Robert -"So Europeans planned accordingly, and as a result have half the per capita energy usage of Americans."

Europeans "planned" to live in countries 50 times smaller than the US. Good "planning!"

Geographical Europe is larger than the USA. Most of our countries are similar in size to your states.

I think the key difference is more historical than it is due to population or area. The age of settlement of Europe, and the foundational infrastructure (locations of towns, distribution of farms, patterns of land ownership, etc.) creates a much more evenly distributed population than in America. Additionally, much of US built environment developed AFTER the development of the car, especially in the western US. The result is that our post-WWII population boom was able (and in some ways coerced) to locate in suburbs built many miles from work on what was formerly cheap, minimally productive ranch land or desert. Europe experienced nothing like this (at least nowhere near on the scale that it happened in the US). The result is that US built environment is much more dependent on daily human-miles of transport than in Europe...

Not only "able" and "coerced", but also subsidized ...

... utility hook-ups for property developments charged on a per-hook-up basis without consideration of the network cost of sprawl is a cross-subsidy ...

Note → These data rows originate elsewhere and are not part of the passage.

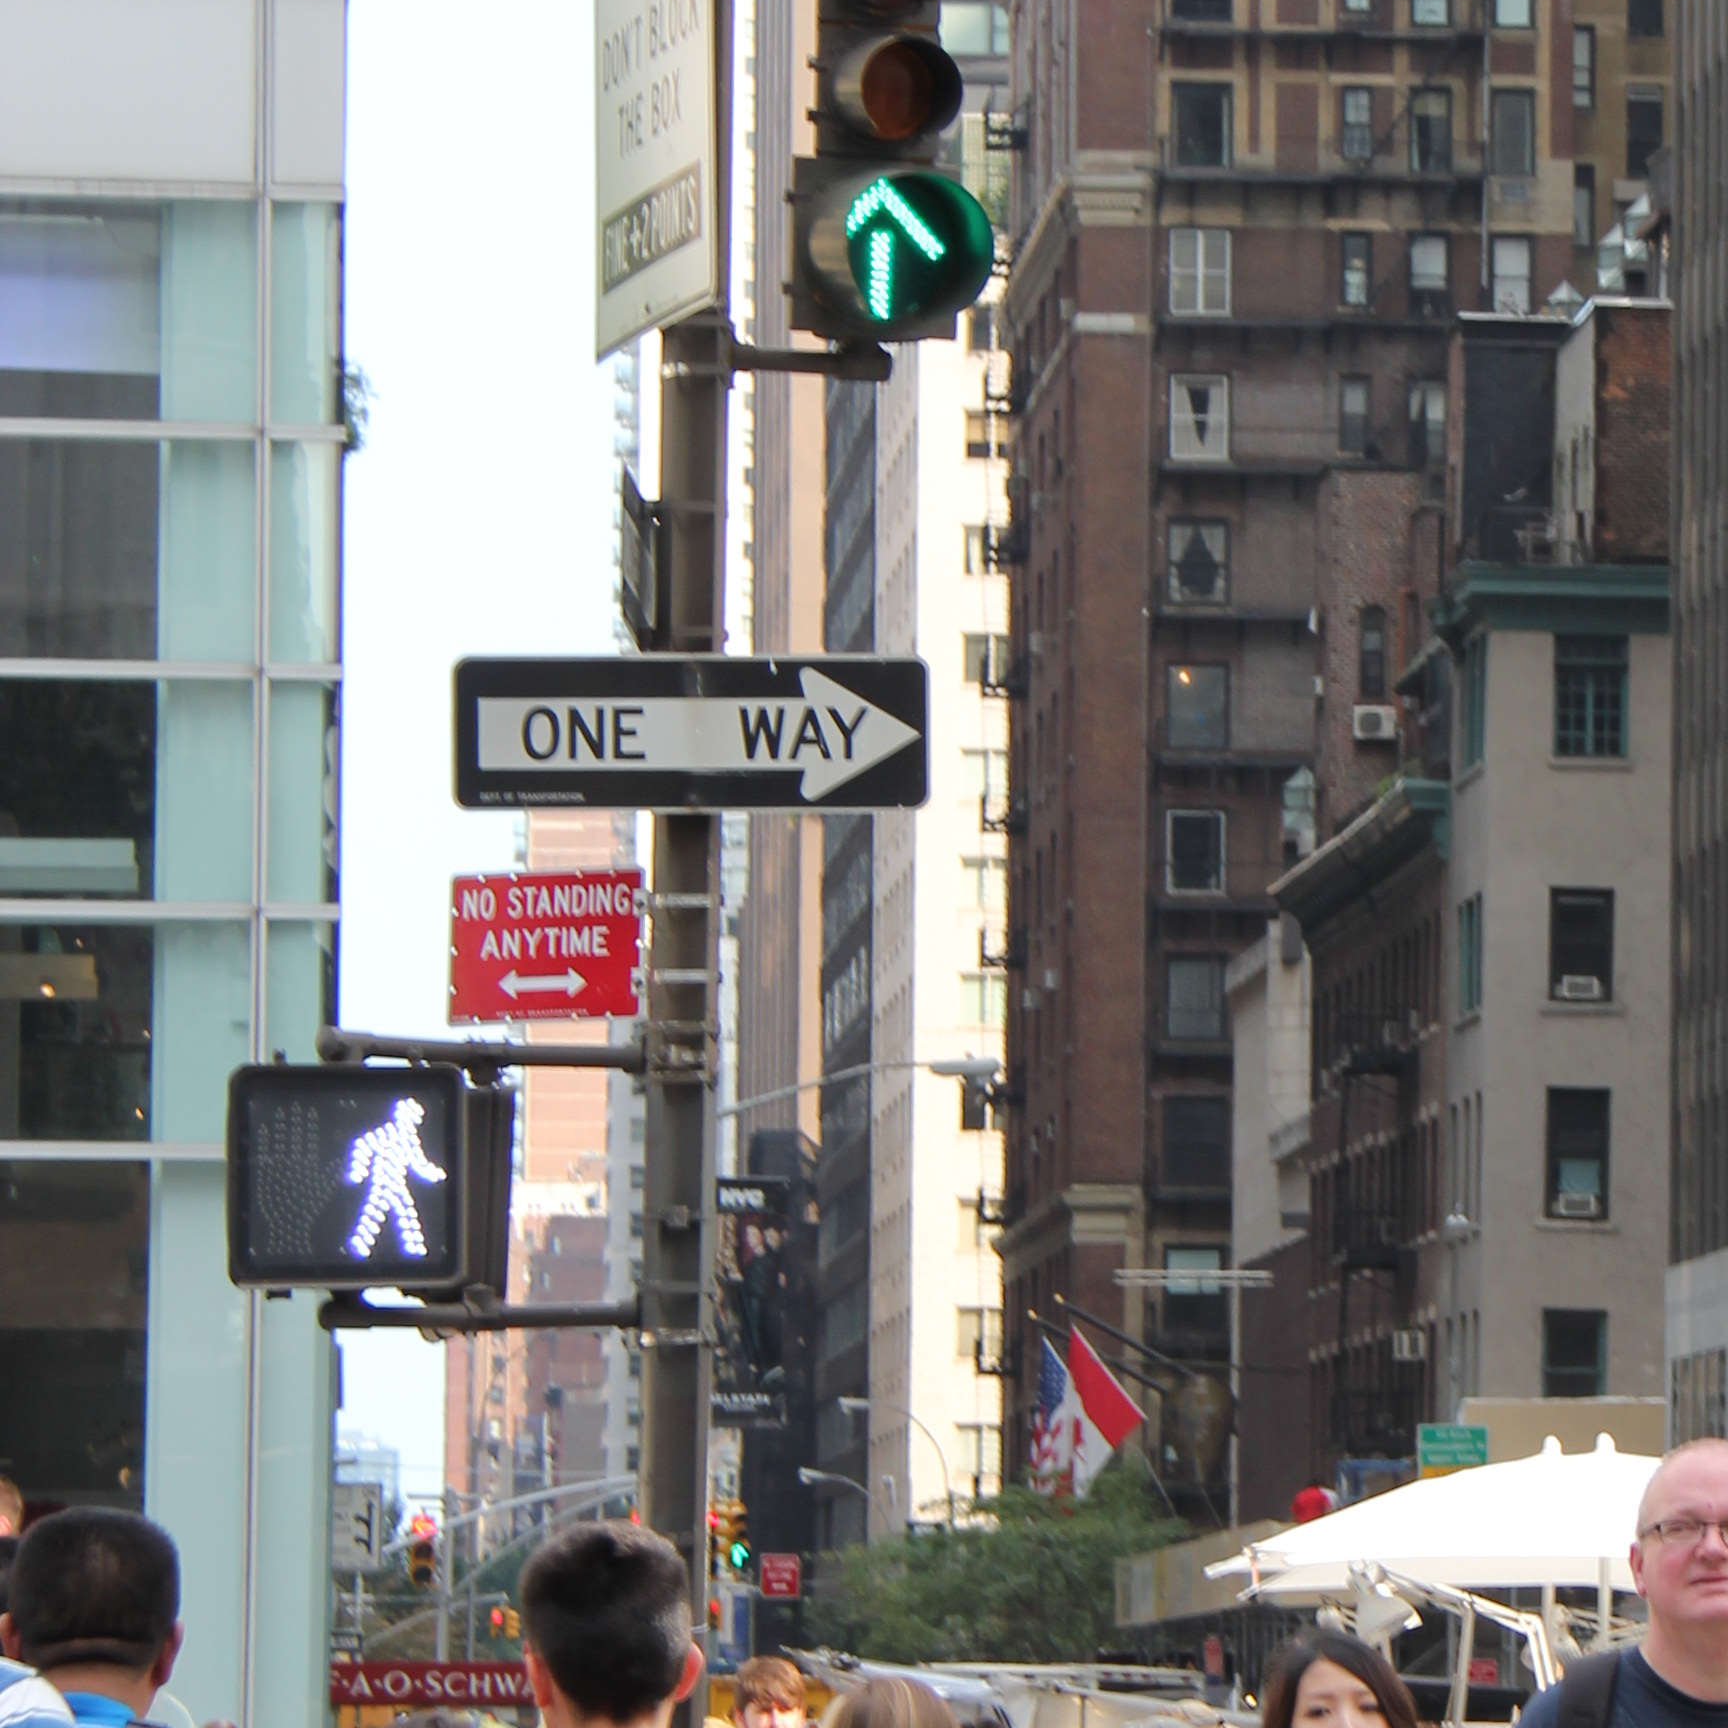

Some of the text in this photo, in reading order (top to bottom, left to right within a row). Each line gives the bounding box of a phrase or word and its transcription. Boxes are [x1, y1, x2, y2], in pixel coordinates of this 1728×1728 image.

[618, 68, 681, 159] THE BOX
[651, 174, 697, 256] POINTS
[522, 705, 870, 760] ONE WAY
[462, 883, 632, 922] NO STANDING
[480, 925, 611, 962] ANYTIME
[719, 1187, 766, 1209] NYC

... requiring extensions of utility network capacity for electricity, water, sewerage to be born by the existing rate base while subsidizing green field projects to "attract industry" is a cross-subsidy ...

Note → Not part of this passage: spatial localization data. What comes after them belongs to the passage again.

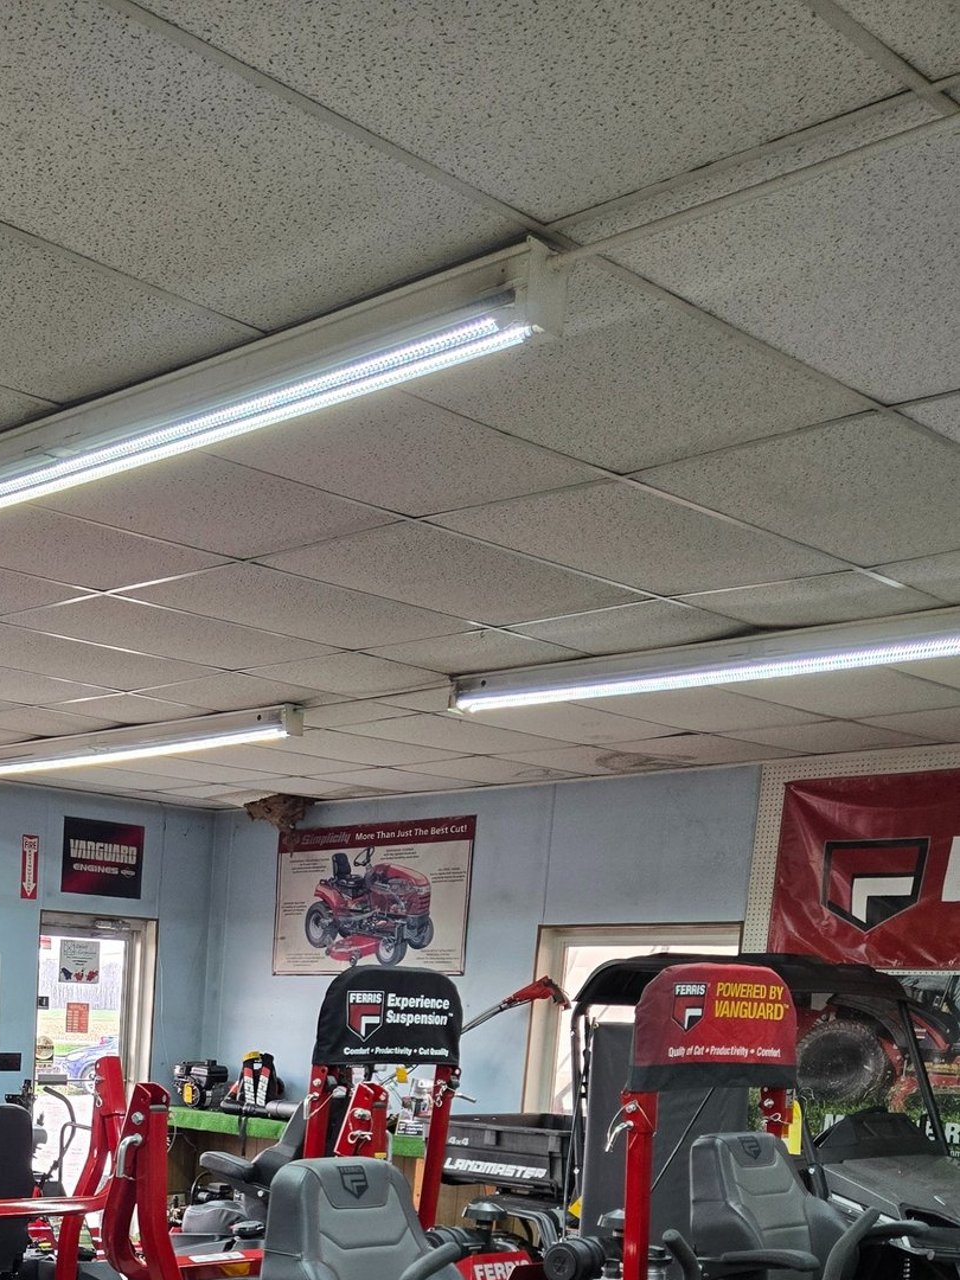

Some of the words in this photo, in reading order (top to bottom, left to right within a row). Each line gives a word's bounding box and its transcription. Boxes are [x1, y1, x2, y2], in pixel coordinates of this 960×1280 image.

[301, 832, 352, 846] Simplicity
[355, 832, 375, 841] More
[376, 830, 396, 839] Than
[397, 829, 413, 838] Just
[414, 827, 429, 836] The
[430, 826, 449, 835] Best
[450, 824, 468, 833] Cut!
[69, 839, 137, 865] VANGUARD
[73, 863, 119, 875] ENGINES
[675, 984, 706, 996] FERRIS
[716, 982, 767, 999] POWERED
[769, 985, 784, 1000] BY
[350, 992, 382, 1004] FERRIS
[387, 993, 450, 1010] Experience
[714, 1000, 784, 1021] VANGUARD
[343, 1046, 370, 1056] Comfort
[375, 1046, 413, 1057] Productivity
[709, 1045, 748, 1058] Productivity
[756, 1047, 781, 1058] Comfort
[448, 1136, 469, 1146] 4x4
[443, 1157, 548, 1179] LANDMASTER

... indeed, the roll-over of capital gains on development on a dollar basis without any matching acreage requirement encourages developers that have made a big score to look for an opportunity for a greenfield development that is large enough to shelter the capital gains.

That's without even considering cross-subsidies of support services for the auto transport system.

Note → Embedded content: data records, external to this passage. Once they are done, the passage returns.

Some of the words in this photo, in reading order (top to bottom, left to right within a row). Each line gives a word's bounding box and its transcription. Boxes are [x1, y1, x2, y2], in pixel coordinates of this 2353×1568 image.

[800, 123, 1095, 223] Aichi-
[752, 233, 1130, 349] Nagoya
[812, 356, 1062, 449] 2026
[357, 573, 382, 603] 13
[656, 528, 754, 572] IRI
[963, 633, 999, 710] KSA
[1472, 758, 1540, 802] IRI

I think the key difference is more historical

GM was convicted for restraint of trade for buying streetcar lines in order to shut them down.

Over a half century of public policy and public subsidies has supported sprawl and suburban/exurban expansion. Roads and highways, federal and state money for new schools, post-WW II VA loans could only be used for new housing and not on existing homes in established neighborhoods, etc.

Suburbia is *NOT* the result of "natural" economic forces, but of a lifetime of public policy support and subsidies.

Best Hopes for Redirected Public Policy Support and Subsidies,

Alan

If I remember right don't Chevron own some battery technology that they refuse to let anyone use for cars?

If I remember right don't Chevron own some battery technology that they refuse to let anyone use for cars?

Either way, that kind of action is small potatoes compared to the effect of the systematic, ongoing, substantial subsidy for sprawl development.

In the film "Who Killed the Electric Car" they explained how the nice elderly couple who invented the great battery idea for GM was sold by GM to Chevron after they killed the EV1 in California.

Google "cobasys patent".

Cobasys has succesfully sued the major battery-makers of the world. Chevron-Texaco owns half of Cobasys, Energy Conversion Devices owns the other half. They have a very basic patent on NiMH-tech that expires in five years or so. Settlements with major battery-makers expires before that I think.